# Independent citation counter

In this notebook, you can calculate the number of independent citations for all of your papers.

### What the code will do?
For each entry in your Google Scholar profile, the code will output your independent citation count, total citation count and a link to access your independent citation counts.


**Sample output:**

> The impact of cosmic variance on simulating weak lensing surveys
>
> Citations: 9/15
>
> Link:  [http://scholar.google.com/scholar?cites=17631820148925503603&scipsc=1&q=-author:%27A%20Kannawadi%27+-author:%27R%20Mandelbaum%27+-author:%27C%20Lackner%27](http://scholar.google.com/scholar?cites=17631820148925503603&scipsc=1&q=-author:%27A%20Kannawadi%27+-author:%27R%20Mandelbaum%27+-author:%27C%20Lackner%27)
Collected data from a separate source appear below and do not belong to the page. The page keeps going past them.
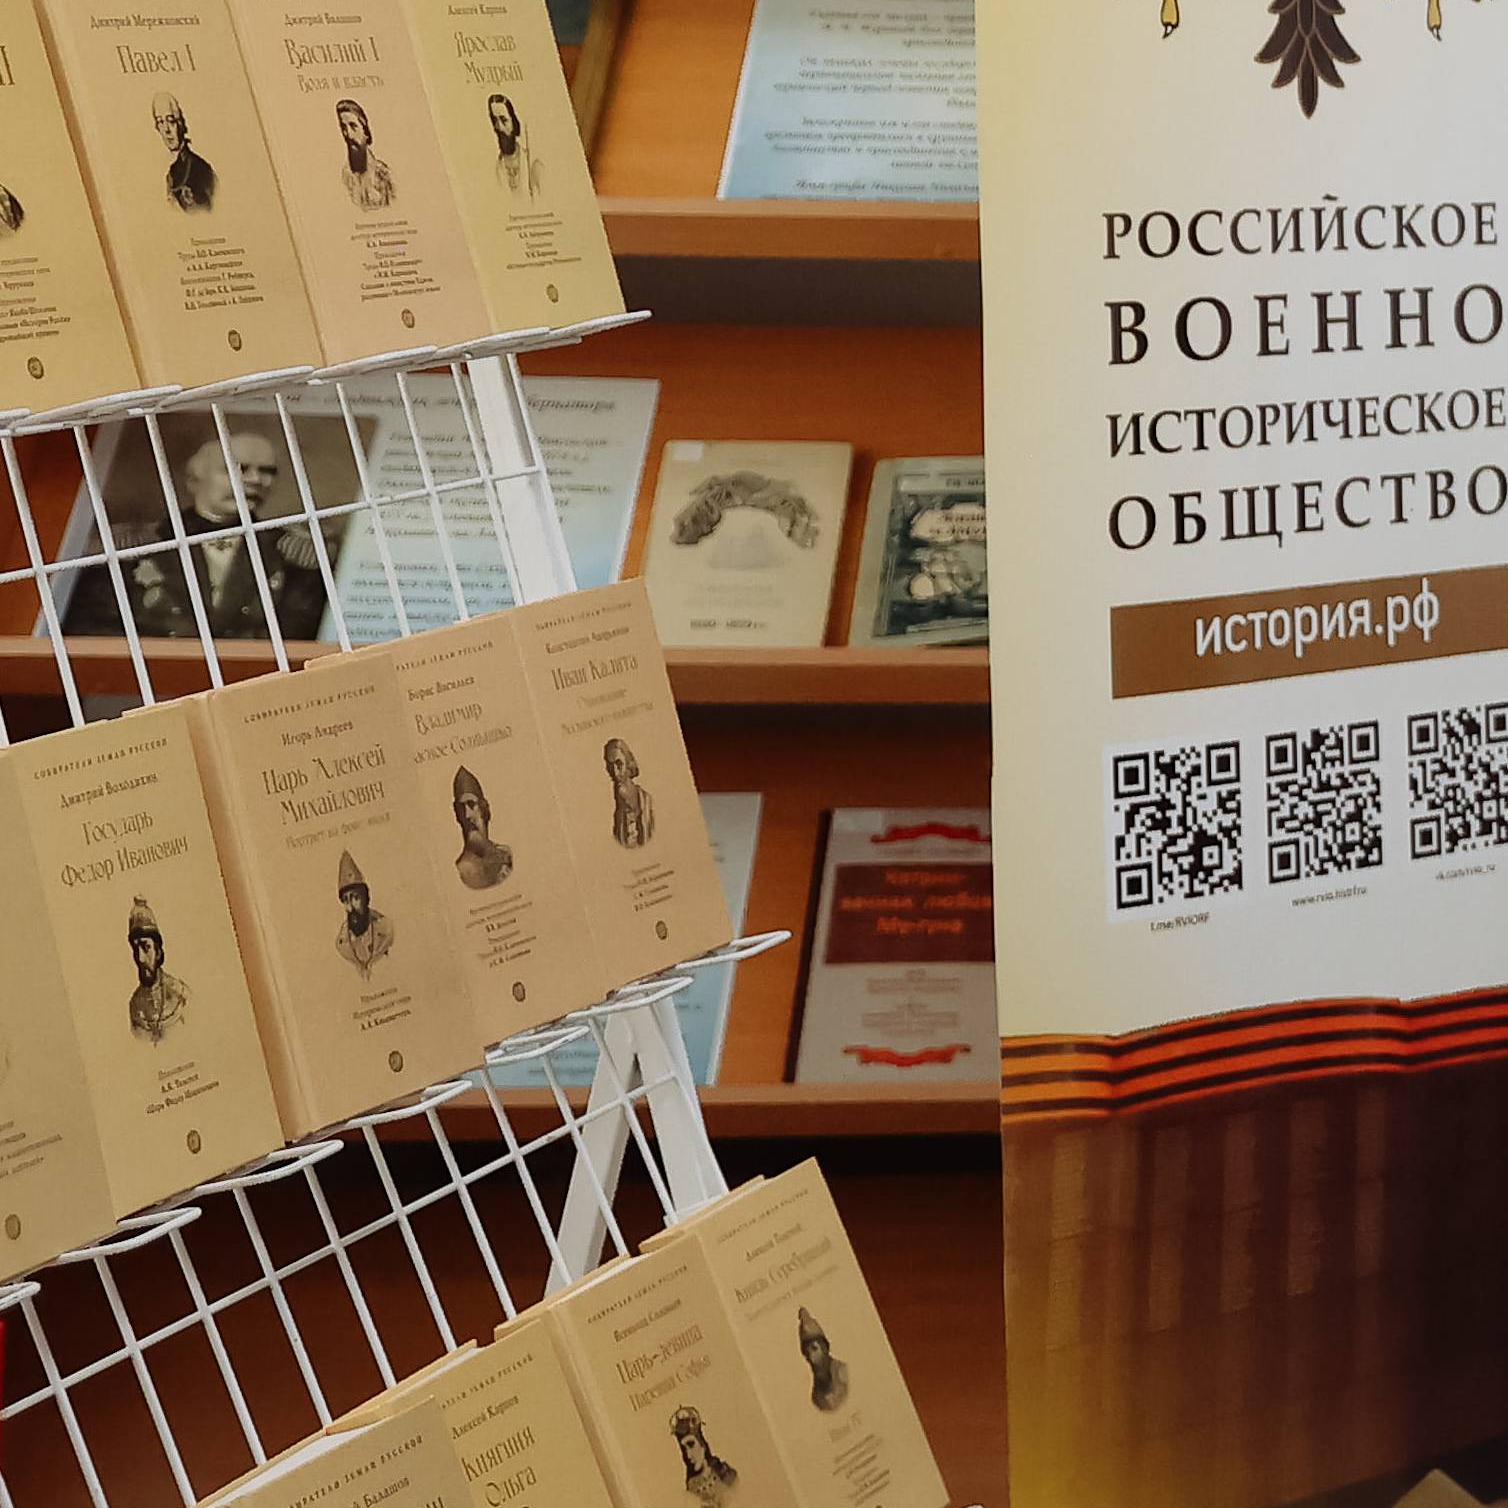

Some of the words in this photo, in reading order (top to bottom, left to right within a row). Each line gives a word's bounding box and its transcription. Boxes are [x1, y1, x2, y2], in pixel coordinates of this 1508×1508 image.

[116, 44, 183, 74] Павел
[185, 43, 197, 72] I
[284, 37, 367, 69] Василий
[368, 36, 380, 62] I
[454, 30, 517, 59] Ярослав
[464, 60, 524, 89] Мудрый
[1102, 194, 1499, 261] РОССИЙСКОЕ
[1104, 282, 1504, 367] ВОЕННО
[1106, 387, 1508, 458] ИСТОРИЧЕСКОЕ
[1194, 576, 1441, 660] история.рф
[551, 667, 588, 691] Иван
[588, 652, 639, 681] Калита
[281, 732, 313, 747] Игорь
[314, 720, 354, 738] Андреев
[414, 703, 483, 736] Владимир
[261, 768, 309, 796] Царь
[312, 743, 387, 780] Алексей
[60, 784, 105, 810] Дмитрий
[280, 780, 386, 826] Михайлович
[82, 810, 154, 846] Государь
[60, 857, 115, 888] Федор
[116, 835, 189, 873] Иванович
[451, 1411, 487, 1441] Алексей
[460, 1424, 536, 1483] Княгиня
[485, 1465, 538, 1508] Ольга
The first line is the title of the paper, which has 9 independent citations and 15 total citations.
The link takes you to the Google Scholar page with the independent citations.

**Note:**
Even if the program is unable to fetch independent citation counts, it will still output your total citations and provide a link to access your independent citations.


### How to use?
In the cell below, replace `qc6CJjYAAAAJ` with your Google Scholar profile ID.
You may also want to specify a proxy type (more details below).
Then, run all cells.

### Troubleshooting
If you see a `MaxTriesExceededException`, it means Google Scholar caught a whiff of your action.
Try again later, or use a better proxy.

<br>

### Enter your Google Scholar profile ID
*unless you are Albert Einstein.*

For example, if your Google Scholar profile URL is [`https://scholar.google.com/citations?user=qc6CJjYAAAAJ`](https://scholar.google.com/citations?user=qc6CJjYAAAAJ), then your profile ID is `qc6CJjYAAAAJ`.

In [None]:
# The only cell which you are expected to modify.
scholar_id = 'qc6CJjYAAAAJ'

# `proxy_type` must be one of ScraperAPI, Luminati, FreeProxy, SingleProxy or NoProxy.
# NoProxy will give only the links to independent, not the counts.
proxy_type = 'NoProxy'  # Case insensitive

#### More on `proxy_type`

By default, the code provides only the links to page containing independent citations, and does not open the page to count them.
Google Scholar actively blocks automated requests to its citation database.
Continuous, repeated requests from a single IP address may lead to a ban.
However, if you need the counts, you may be able to circumvent this by using a proxy.
Below are a few options:

- **FreeProxy**: Use continuously changing proxies for free.

    This protects your IP address, but is not very effective at circumventing Google Scholar's anti-bot prevention. You might want to use other options if you are unable to reach Google Scholar.


- **ScraperAPI** (recommended): [Create a free account](https://www.scraperapi.com/) without providing personal and payment information. Free account supports 5000 requests per month, more that sufficient to run this notebook for most researchers.

- **Luminati** (untested): Similar to ScraperAPI, and is known to circumvent Google Scholar's anti-bot prevention better. No free account is available.

- **SingleProxy**: Use a single proxy for all requests.

- **NoProxy** (default): Using `NoProxy` will not fetch the counts by default. You can still try to fetch the counts (at your own risk) by setting `links_only` below to `False`. Use this sparingly if `FreeProxy` does not work and you don't want to create any accounts. You may also use this safely if you are already connected to a VPN.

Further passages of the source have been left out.